Ryan quickly landed with the New Orleans Saints, where his 3-4 defense would be welcomed. The Saints’ defense has been improved in nearly every category this season, while the Rams have seen a decline on the defensive side. Would Ryan have been able to come in and fix this defense? Probably not.
St. Louis hired Tim Walton as their new DC after he was in charge of the Detroit Lions secondary for four years. Based on the Lions’ defensive numbers over his tenure, it was not the smartest decision. Detroit never had elite talent in the secondary, but their defense couldn’t produce at a high enough level to help their dominating offense win. It’s no coincidence that the Rams are seeing the same defensive struggles with Walton at the helm.

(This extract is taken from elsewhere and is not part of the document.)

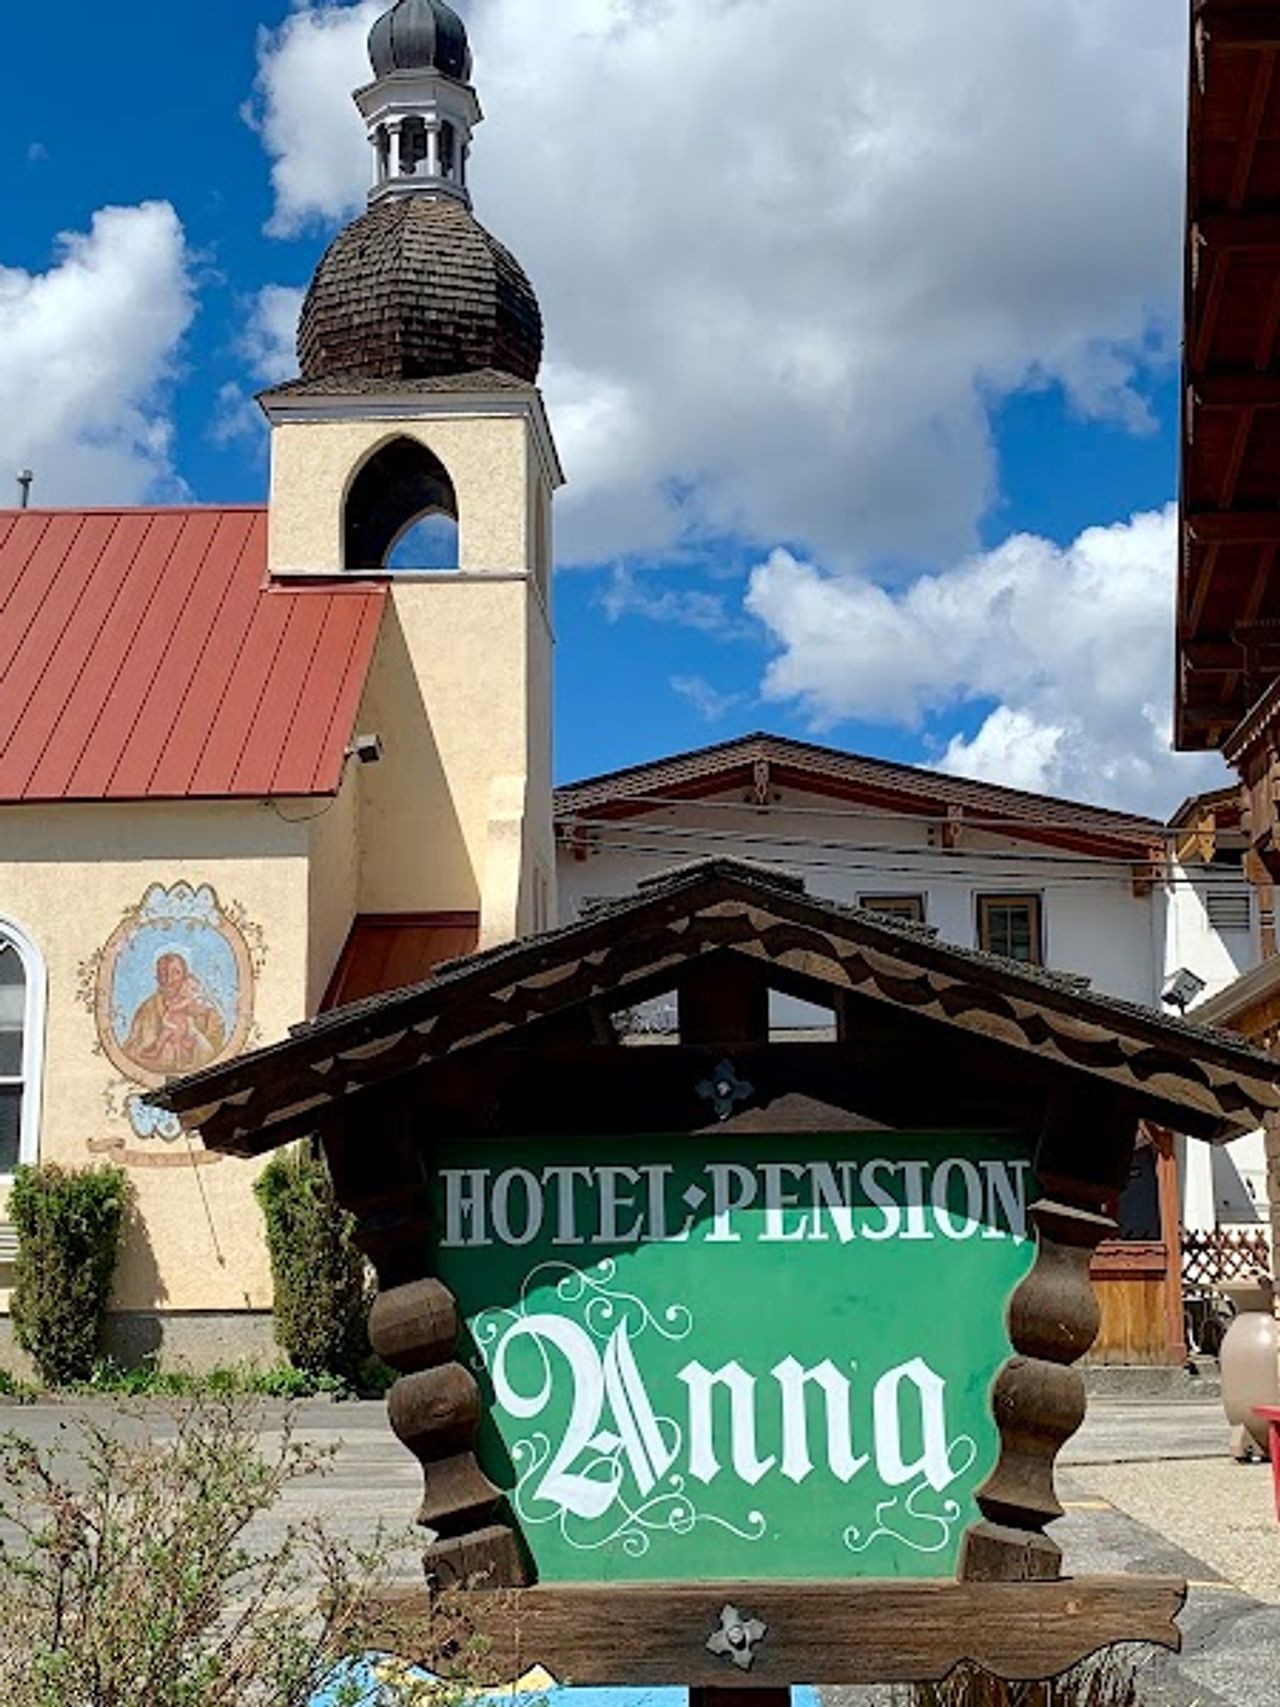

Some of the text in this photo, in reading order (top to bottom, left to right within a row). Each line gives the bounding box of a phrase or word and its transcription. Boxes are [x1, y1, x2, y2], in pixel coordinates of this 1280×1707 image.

[438, 1158, 1030, 1247] HOTEL PENSION
[492, 1313, 958, 1519] Anna

2013 has seen the Rams produce historically bad numbers on defense. They are giving up more points, yards, touchdowns and yards per completion. Quarterbacks are having a field day when it comes to facing the Rams’ secondary with a passer rating at 97.2 on the season. That is the worst ever in franchise history. Yes, that even takes into account the teams we have seen over the last decade in St. Louis.
Letting QBs complete 68.5 percent of their passes in 13 games is a big reason for all of the defensive letdowns. Not only are they letting them complete nearly 70 percent of passes thrown, they are giving up an average of 8.36 yards per attempt. One word describes this trend: pitiful. This team puts the theory of having a good pass rush to thwart opposing QBs to test.

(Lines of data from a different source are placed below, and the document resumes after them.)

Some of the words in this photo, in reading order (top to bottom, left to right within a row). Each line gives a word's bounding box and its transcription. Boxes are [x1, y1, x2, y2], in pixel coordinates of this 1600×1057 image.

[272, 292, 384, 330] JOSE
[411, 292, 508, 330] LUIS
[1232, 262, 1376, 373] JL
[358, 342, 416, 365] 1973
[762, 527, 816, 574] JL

Let’s face it, even though the defense is tied for seventh in the league at 38 sacks, they still can’t shut down opposing offenses.
James Laurinaitis might be the pass defender on the team after not giving up a touchdown and grabbing two interceptions this season. At outside linebacker, Alec Ogletree and Jo-Lonn Dunbar have struggled this season, allowing QBs to complete 87 percent of their passes targeted at them. Ogletree may put up great stats, but he has allowed the most passing yards and yards after the catch in the NFL.

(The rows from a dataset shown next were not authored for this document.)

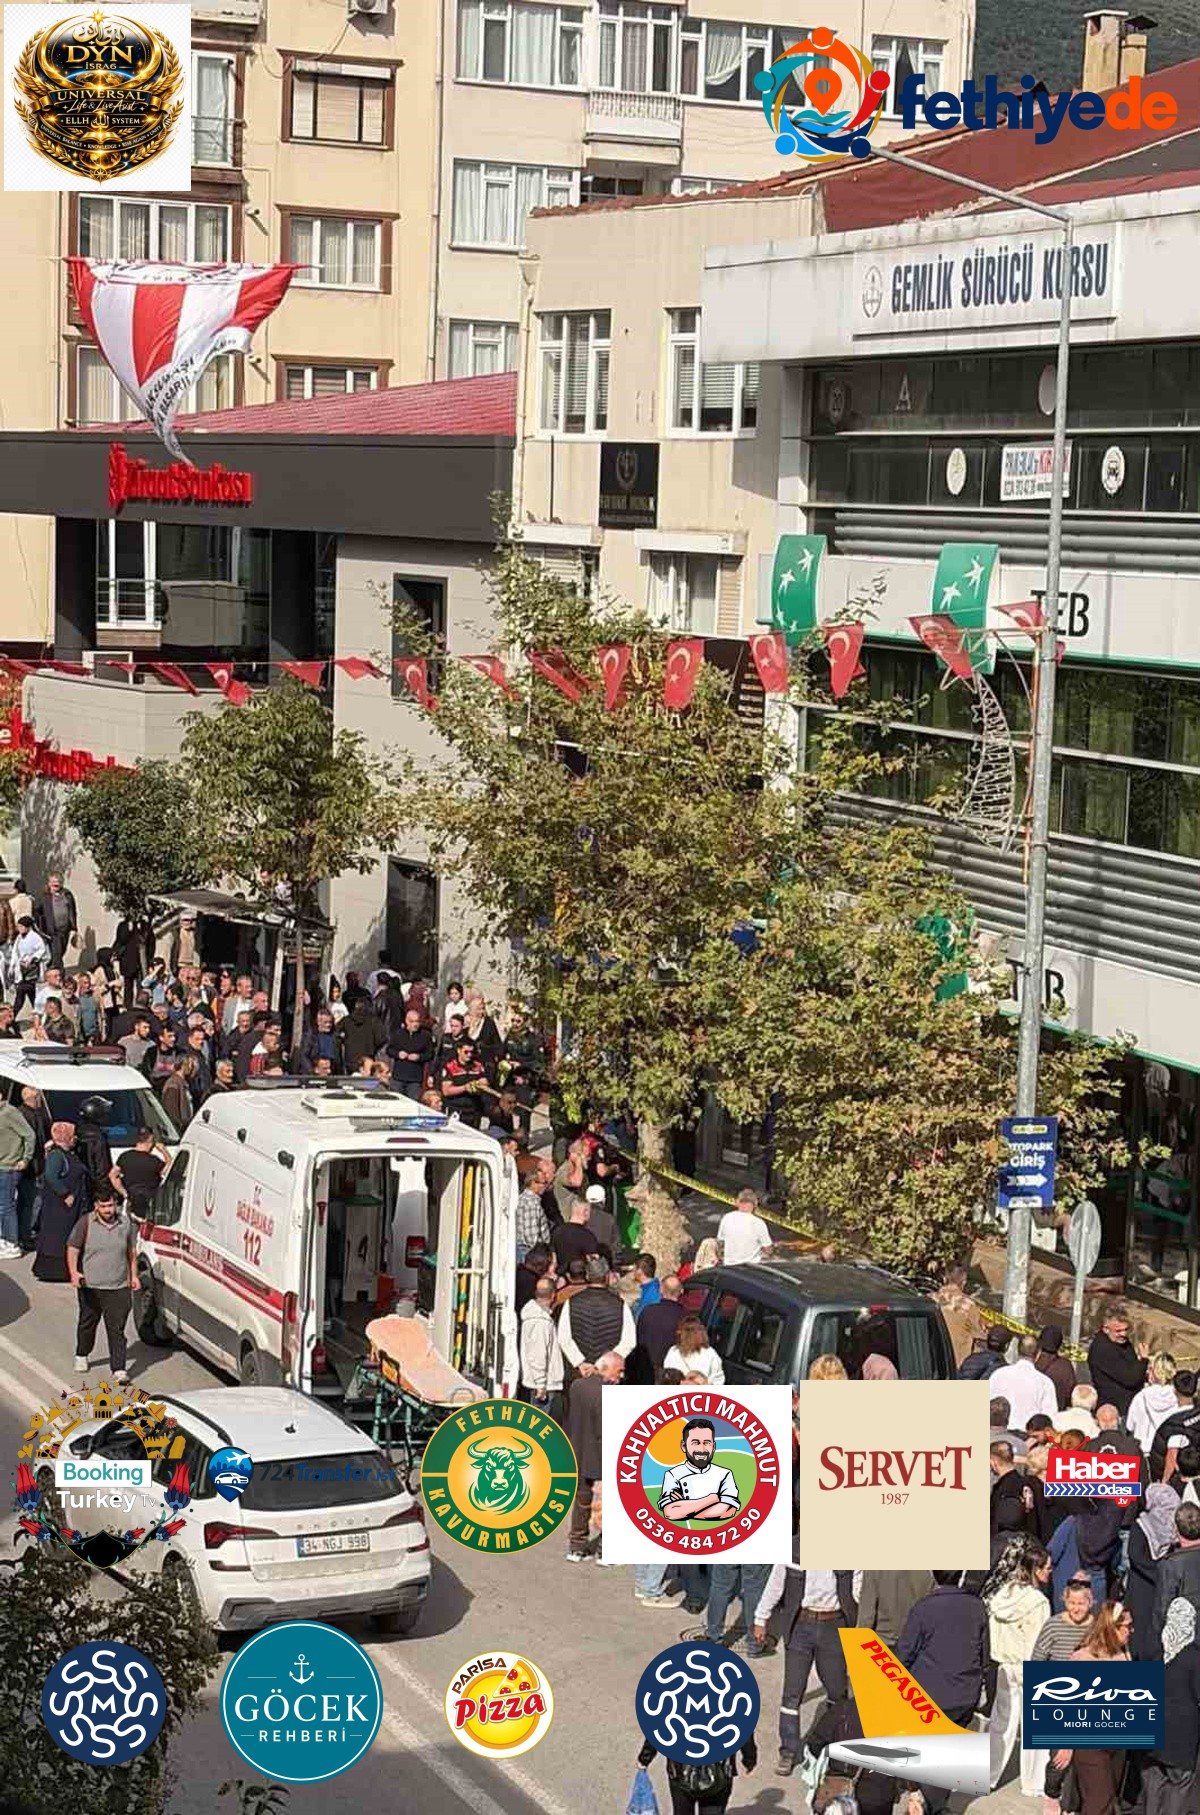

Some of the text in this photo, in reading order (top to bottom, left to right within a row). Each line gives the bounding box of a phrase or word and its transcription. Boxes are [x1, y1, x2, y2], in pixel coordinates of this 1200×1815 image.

[892, 254, 954, 314] GEMLİK
[961, 243, 1034, 308] SÜRÜCÜ
[1005, 957, 1066, 1013] TB
[1003, 1142, 1054, 1152] TOPARK
[243, 1228, 262, 1267] 112
[304, 1539, 318, 1551] 34

The safety position has been one of trouble all season as the team has dealt with with T.J. McDonald‘s injury and a lack depth. A passer rating of 102.5 does not bode well for the team, but McDonald will improve with experience. At cornerback, the Rams are wearing thin and playing atrociously. Janoris Jenkins was expected to grow into a shutdown corner in his second season. Instead, he has taken more than one step back.
Cortland Finnegan has been injured and horrible when on the field. It is looking like it was a bad decision to bring him in on a five-year, $50 million contract. Trumaine Johnson has been the top producer at corner this season for the young unit. He might make a few mistakes, but he is one of the young players on defense that is growing into his own.
The Rams’ corners are allowing QBs to complete 67.4 percent of their passes for nearly 1500 yards and 12 TDs. There is a lot of room for this young defensive unit to grow, and it needs to happen fast.
Walton should be held responsible for the performance of the defense. Young or not, this team should be performing much better than it is against the pass with the pass rushers they have. He either has to change the coverage scheme or something else needs to happen. It didn’t really work out in Detroit, and it isn’t working in St. Louis either.
The Rams have to look into targeting corners and safeties early in the draft. There is a lack of talent and depth in the secondary that is hampering the defense’s ability for Walton, but they didn’t perform well even when they were healthy.